Until recently, the simple key lock of the front door can be enough like a secure measure in order to avoid intrusions inside your house. Bus since the advent of internet and virtual assistances like Alexa or Cortana, those physical security measures are not enough. Since the tv to the fridge, from the bell to the microwave, all the object used everyday can be connected to the internet by opening new horizons and deficiencies. But, like always, the step from analogical to digital present us some problems connected with privacy and informatic security.
Actually, if from one hand the idea of look after our house, also when we are elsewhere, by an internet connection among inner video cameras and our smartphone assures us, but from the other hand we need to ask ourselves if someone is trying to access to our video cameras in order to breach our privacy.
In addition, frequently, those “smart” objects are connected each other’s by creating a sort of “digital ecosystem”. This interconnection opens new borders and potential deficiencies that, starting from one connected object, they rapidly expand to all the member states, with, sometimes, catastrophic results.
One of the most exciting case is “Ring”, a society acquired in 2018 by Amazon, which offers products like intercoms and video cameras connected to Internet. The society is facing, in USA, a class action after specific breaches of the security which have involved serious problems to consumers.
Those products are available also in some States of the European Union, like France and Germany. Since than those intercoms and smart video cameras included also a speaker or were connected each other with a voice assistant, hackers harassed victims with death threats, racist epithets, and, in one case in which the virtual assistant and one of the video cameras, which were installed into a 8 years old girl’s bedrooms, they were trying to cajole this girl.
The company argued that these breaches were exclusively attributable to consumers because they used weak passwords and did not activate two-factor authentication for access.
But problems concerning security of the Ring system were so huge that, first that the police took down the gang, a group of hackers have created a podcast were spectators can directly assist to Ring video cameras and serious threats, or tacky jokes, committed to the victims.
Therefore, without necessarily having to do without the potential benefits guaranteed by a “smart” house, it is necessary that the efforts for greater security and respect for privacy come from both the consumer and the manufacturer.
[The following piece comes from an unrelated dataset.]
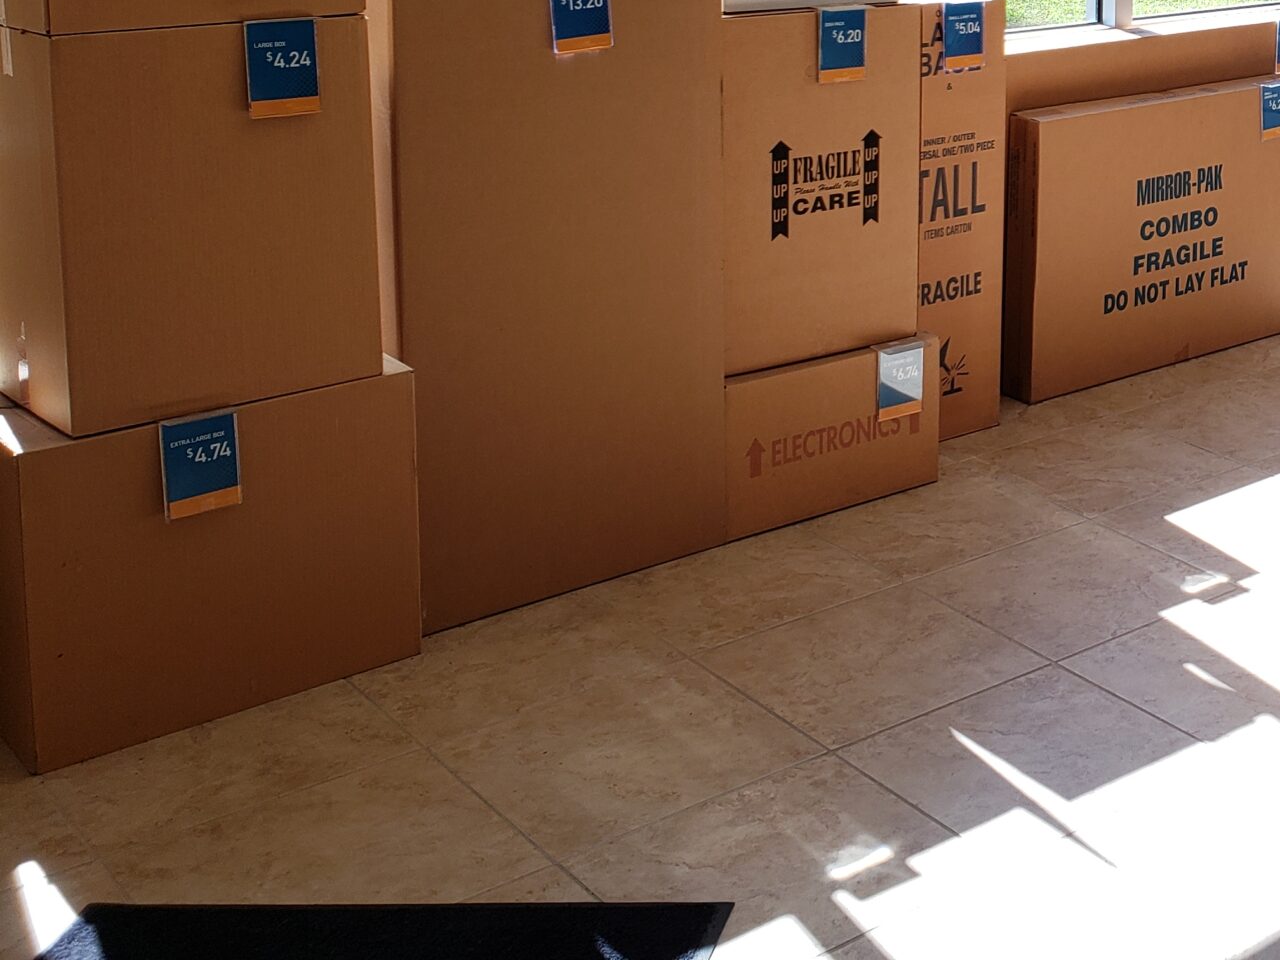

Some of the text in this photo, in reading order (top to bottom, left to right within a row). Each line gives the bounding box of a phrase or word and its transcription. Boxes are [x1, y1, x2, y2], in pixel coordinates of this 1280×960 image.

On the one hand, the manufacturer must ensure and keep up-to-date the IT defense scope of its products, taking into account, inter alia, aspects of personal data protection, for example by developing its products in accordance with the principle of “Privacy by Design” ex art. 25 of the GDPR, on the other hand the consumer should be made aware of the basic rules of “computer hygiene” such as, for example, the use of complex passwords that are updated, at least every three months avoiding, among other things, to use them for multiple devices and finally implementing two-factor authentication.